Magazine Beaux Arts

Soutine (1)

Publié le 02 décembre 2007 par Marc Lenot

Il y a quelque chose d’assez jubilatoire à aller voir, grognon, une exposition en attendant le pire, parce qu’un critique de renom en a dit pis que pendre et parce qu’on a été un peu déçu par la précédente en ce lieu, et de réaliser au fil des salles qu’on visite, somme toute, une belle exposition. Certes, on est en sous-sol, certes la luminosité n’est pas excellente, certes les cimaises sont colorées, mais cette exposition à la Pinacothèque (jusqu’au 27 Janvier) rend hommage à Chaïm Soutine de manière intelligente. Ce peintre n’a pas eu de grande exposition parisienne depuis longtemps (mais je me souviens d’une, très belle, à Céret en 2000), l’expressionnisme n’est guère “à la mode”; bien des toiles proviennent de collections privées et ont rarement été montrées.

Ce qui est fascinant chez Soutine, c’est la violence avec laquelle il aborde le monde, qu’il s’agisse de sa manière de peindre ou de ses rapports avec sa peinture. Artiste délibérément maudit, en marge de tout, malheureux partout, il ne vit pas dans son temps ou presque; son oeuvre ne traduit guère les préoccupations de son époque, un panneau de l’expo fait justice de son étiquetage comme “artiste juif”, son développement artistique, avant qu’il ne vienne à Paris, s’est justement fait en réaction contre la tradition judaïque. Son attitude par rapport au succès a toujours été ambivalente; il crève de faim pendant des années, puis, quand Barnes le remarque et lui achète près de cent toiles, Soutine, enfin à l’aise, semble se haïr d’avoir “réussi”, en être honteux. Il détruit alors un grand nombre de ses tableaux.

La violence dans sa peinture, elle, se traduit par un basculement du monde, un tourbillon qui emporte tout, un sol qui se dérobe, des verticales qui se tordent, des horizontales qui tanguent. Tout est tourmenté, déformé, torturé, ses natures mortes, ses paysages, ses portraits. Ci-dessus un détail, le chou rouge, de la toile ci-contre, Nature morte au chou rouge de 1918: la touche est grasse, pleine, courbe, le chou semble ruisseler, se décomposer, grouiller, s’animer presque : on peut dans l’exposition, s’en approcher à quelques centimètres, s’y engloutir.
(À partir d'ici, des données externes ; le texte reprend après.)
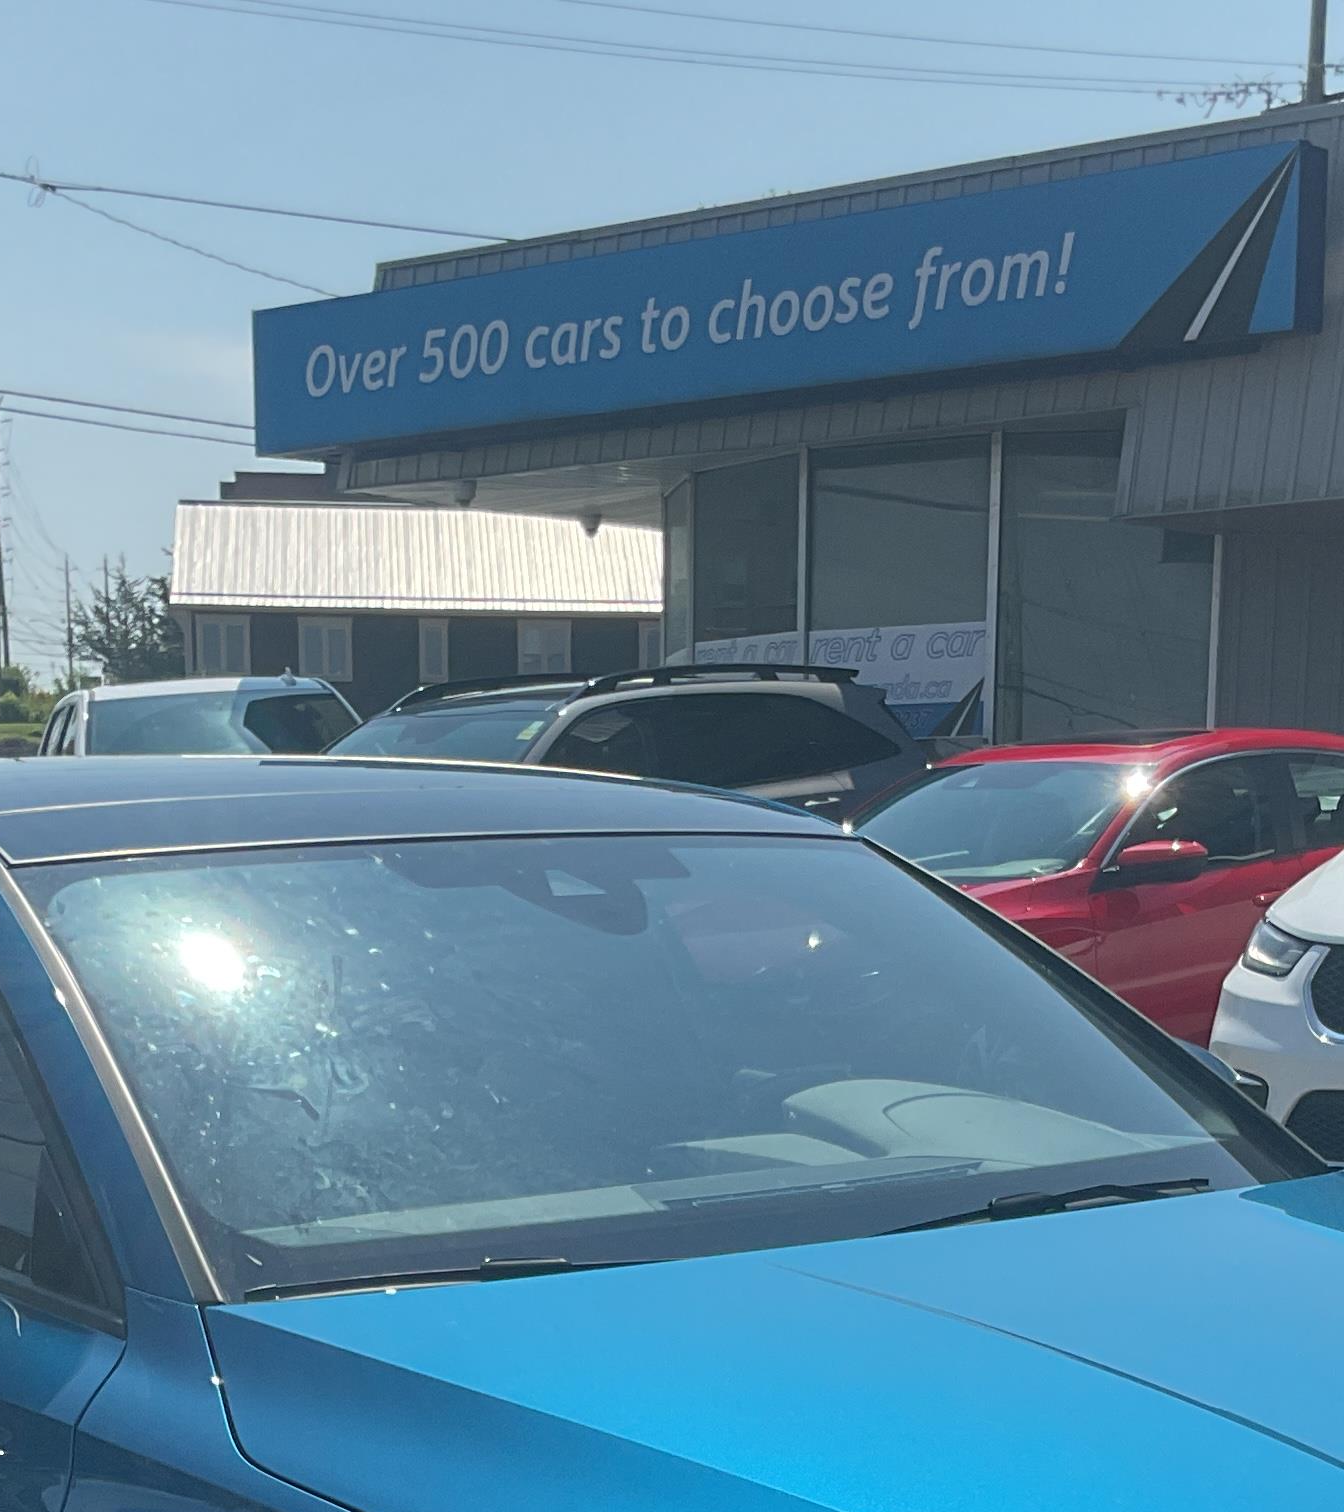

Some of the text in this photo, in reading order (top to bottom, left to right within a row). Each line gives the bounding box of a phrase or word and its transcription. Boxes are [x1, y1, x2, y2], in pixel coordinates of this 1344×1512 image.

[305, 230, 1076, 399] Over 500 cars to choose from!
[810, 627, 986, 665] rent a car
Dans ce Mistral, Paysage avec figures, de 1920/22, peint à Céret, le vent emporte tout avec violence et démesure, tout se perd dans un tourbillon insensé. Les cyprès de van Gogh paraissent si paisibles en comparaison. Le nez sur la toile, on ne voit plus que la peinture, les coups de brosse, un entrelacs de touches épaisses, le cataclysme. Comme avec Leroy bien plus tard, il faut s’éloigner, cligner des yeux, trouver la bonne distance, pour percevoir les lignes du paysage, les formes des personnages. C’est un exercice passionnant que de regarder ainsi une par une les toiles de Soutine de cette période, leur fulgurance exacerbée, leur violence sans bornes.

La suite bientôt.

Photos provenant du catalogue, très bien fait, avec de belles photos de détails des toiles. Chaïm Soutine copyright ADAGP : les photos seront ôtées du blog à la fin de l’exposition.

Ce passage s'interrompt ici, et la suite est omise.